The second is mixing protocols within a single room. Sticking to one protocol per zone (WiFi for the bedroom edges, Zigbee for the bedside contact sensors, ESPHome native for the AC controller) keeps debugging tractable.

The third is undersizing the Pi. A Pi 5 4 GB might be 20 GBP cheaper than 8 GB, but the difference between running smoothly versus thrashing on swap files is the difference between maintenance hours per month.

The fourth is treating the Pi as a single device. Modern installs benefit from a primary Pi plus a secondary Pi Zero 2 W as Bluetooth proxy and sensor satellite. The total cost is around 100 GBP versus 85 GBP for a single Pi, and the resilience improvement is meaningful.

The fifth is forgetting time synchronisation. NTP must work on every Arduino edge for timestamps to align with the Pi's clock. Network time drift causes confusing automation behaviour months later -- "the motion sensor fires before the door sensor that triggered it". Set up NTP in every ESPHome config and the timestamps stay correct.

Buy-In and Build Order for First-Time Builders

For someone starting today with no smart home hardware:

• Pi 5 8 GB plus enclosure plus SD card plus PSU as the foundation
• One ESP8266 D1 Mini plus DHT22 as the first custom edge
• Mosquitto and ESPHome add-ons installed and tested first weekend
• One extra ESP device per fortnight thereafter to build coverage

Buy the Pi 5 8 GB plus enclosure plus SD card plus PSU first. Install Home Assistant OS. Spend a weekend exploring the UI and adding any commercial smart devices you already own. Total cost: about 120 GBP, total time: one weekend.

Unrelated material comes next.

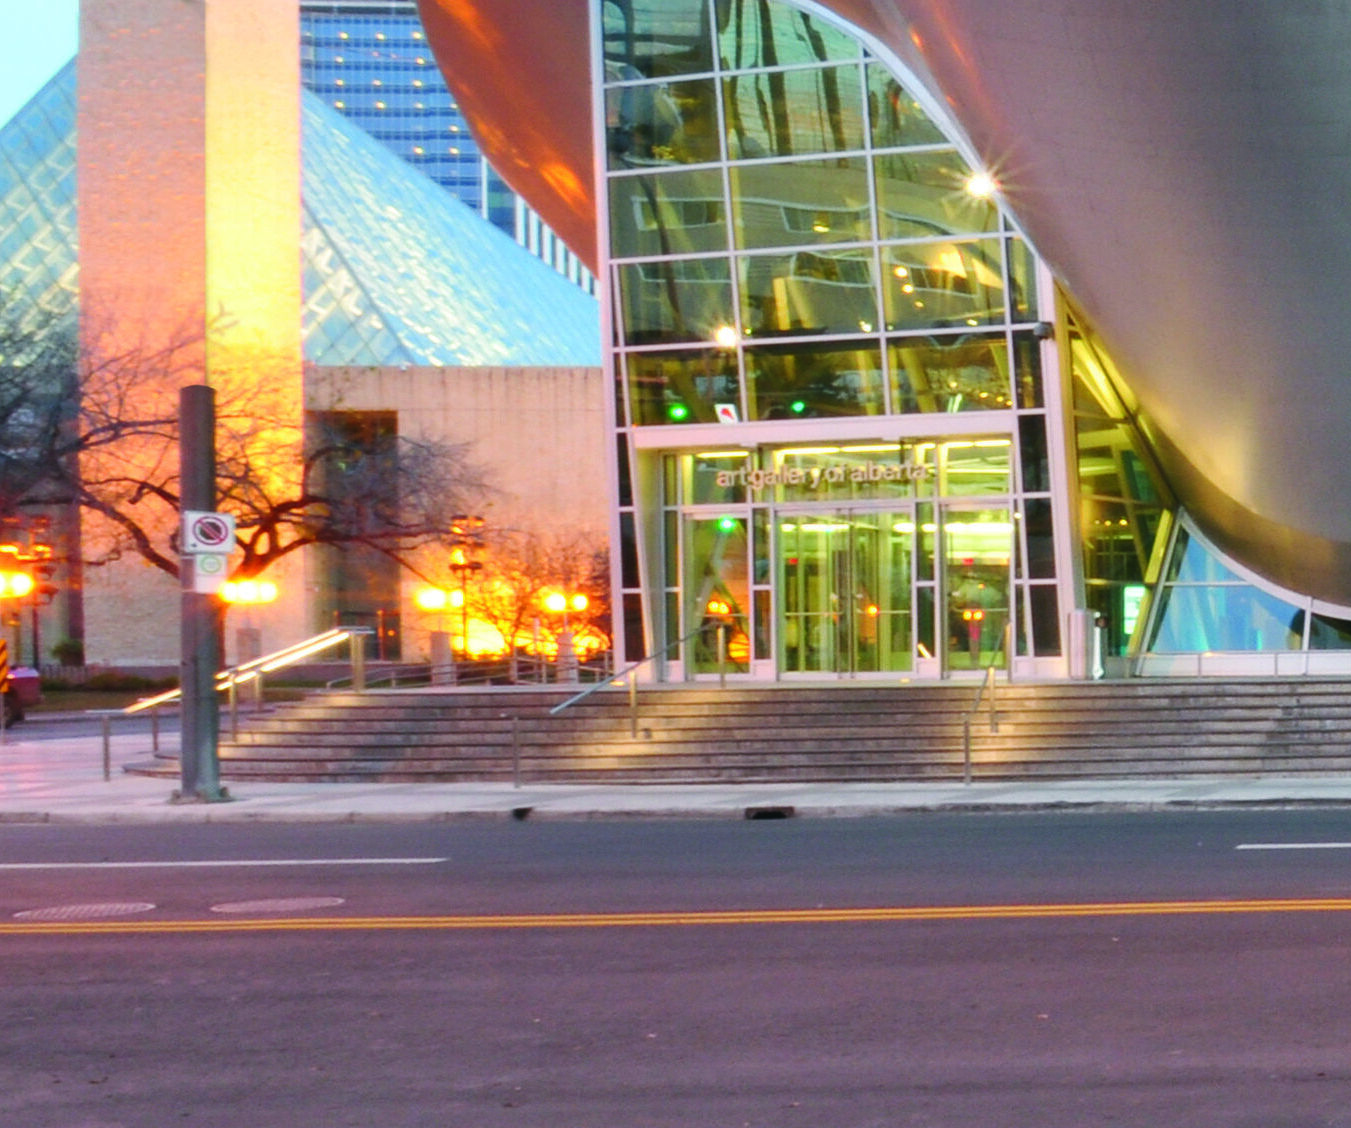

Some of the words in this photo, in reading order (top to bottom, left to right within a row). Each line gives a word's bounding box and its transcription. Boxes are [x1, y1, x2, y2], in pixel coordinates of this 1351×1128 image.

Add one ESP8266 D1 Mini and a DHT22 sensor for the first custom project. Flash with ESPHome, deploy in a living area, observe behaviour for a week. Total addition: 12 GBP plus 2 hours.

Scale up gradually. One additional ESP-based device per fortnight, alternating between sensor types so you build broad coverage rather than depth in one category. After three months the install has roughly 8 ESP devices and a working Pi central. That is more than enough to live with comfortably.

The hybrid architecture rewards patience. Each addition validates against the previous ones. Each protocol gets tested independently. The result is a smart home that works because every layer was proven before the next was stacked on top.